From: Tim Berners-Lee <timbl@w3.org>
Date: Thu, 25 May 2000 04:29:56 -0400
Message-ID: <000001bfc6a1$ad7b5a80$a80a1712@ridge.w3.org>
To: <abrahams@acm.org>, <michaelm@netsol.com>
Cc: <abrahams@acm.org>, "John Cowan" <jcowan@reutershealth.com>, <xml-uri@w3.org>

-----Original Message-----
From: Paul W. Abrahams <abrahams@valinet.com>
To: michaelm@netsol.com <michaelm@netsol.com>
Cc: abrahams@acm.org <abrahams@acm.org>; Tim Berners-Lee <timbl@w3.org>;
John Cowan <jcowan@reutershealth.com>; xml-uri@w3.org <xml-uri@w3.org>
Date: Wednesday, May 24, 2000 9:38 PM
Subject: Re: URI versus URI Reference

>Michael Mealling wrote:
>> A URI Reference means that you have a defined base
>> and that fragments make sense because you know the content type of the
>> thing you are linking to. 2396 specifically divided the two.
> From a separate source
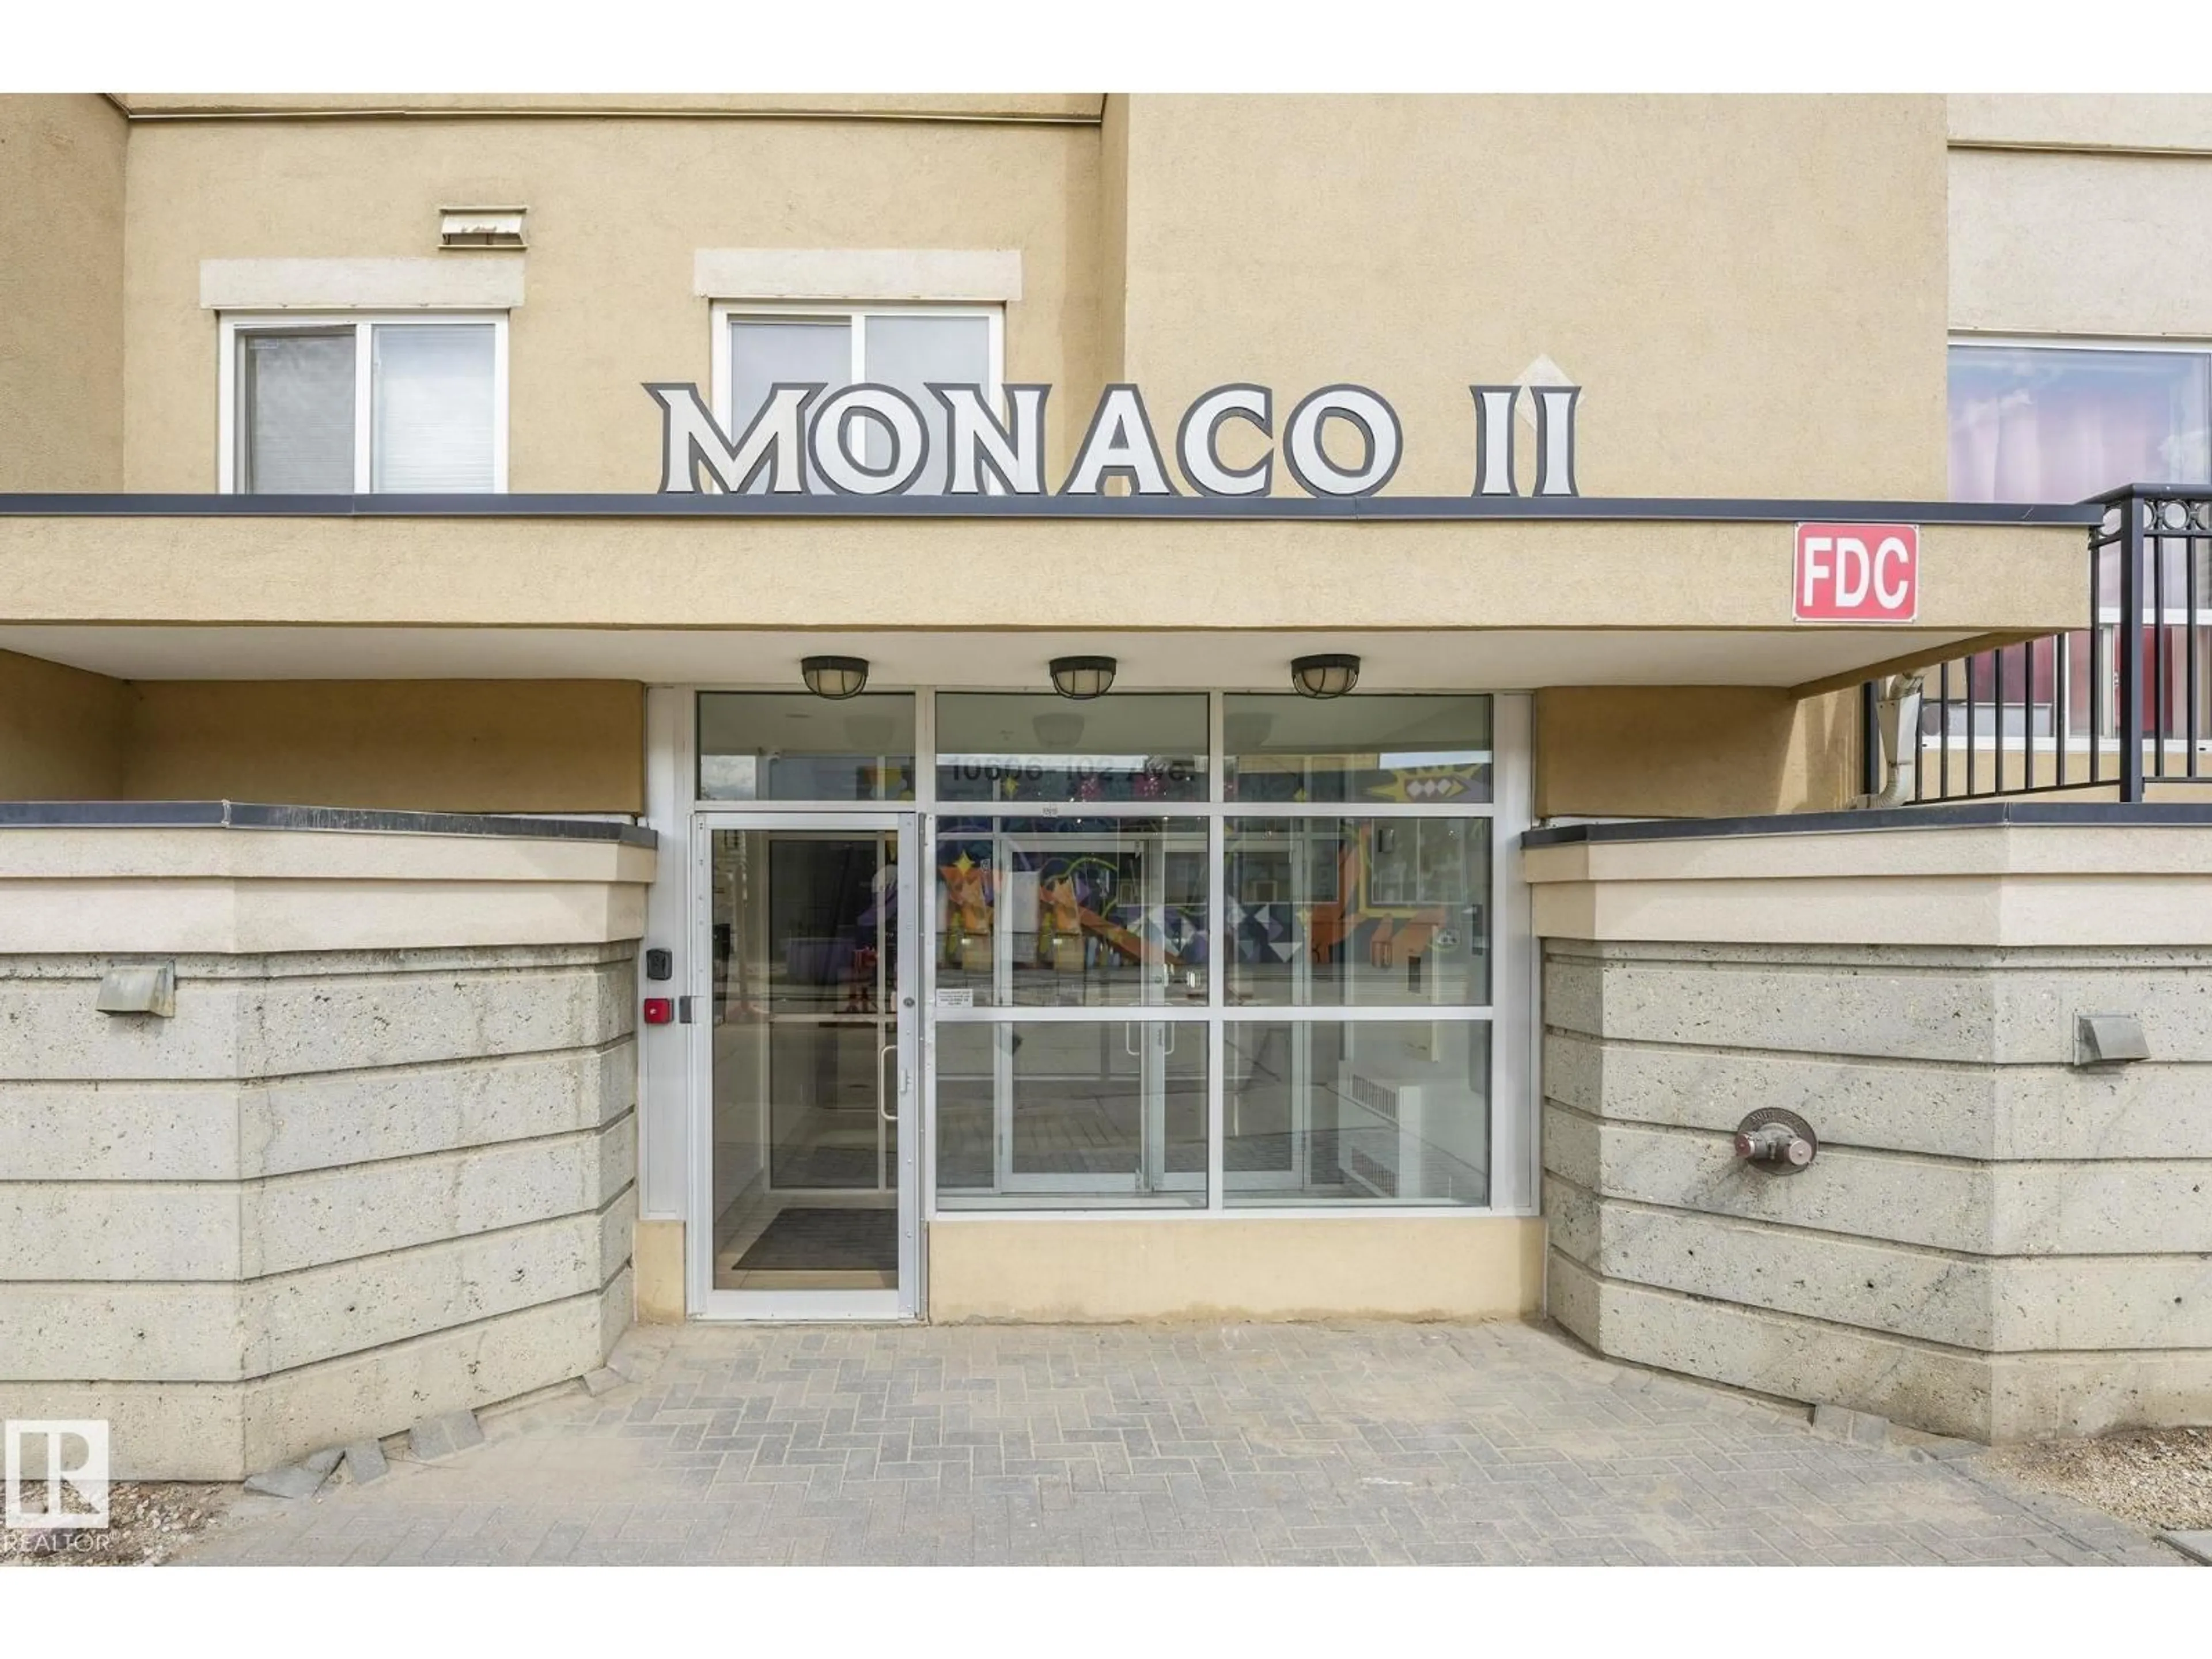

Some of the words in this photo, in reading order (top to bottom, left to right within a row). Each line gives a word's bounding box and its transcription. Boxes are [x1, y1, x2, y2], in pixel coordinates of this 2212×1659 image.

A 2396 'URI'
>> is what folx here have been calling an "absolutized URI".
>> I.e. the strict data type 'URI' does not allow for the relative URIs or
>> fragments. "URI References" are allowed to have all of those things.
>> The reasoning is that in many cases URIs get used by things that
>> aren't documents and for which relative and fragment semantics make no
>The odd thing about 2396 is that there's only one place where it actually
defines a
>URI, and that's in the Abstract (which should really be redundant and
>anyway).   Other than that, it just talks about the properties of URIs and
>expectations we have of them.  Nowhere does it say that a URI must be
absolute.  I
>can't find a single sentence, other than the one in the Abstract, that says
>is ...'', and the one in the abstract only says that a URI is a compact
string of
>characters for identifying an abstract or physical resource.   Nor can I
find a
>syntax rule whose left side is `URI'.  Is there an explicit definition of
>strict data type `URI' '' in 2396 that I've missed?
>There is, however, a definition of the term URI-reference and a syntax rule
for it.
>There's also the oddity of Section A, which is entitled ``Collected BNF for
>but does not define the nonterminal URI.

Good point.

It uses the term absoluteURI.
page 26.

This is the language term what is referred to generally as a URI.
Perhaps a revision is in order to clear this up.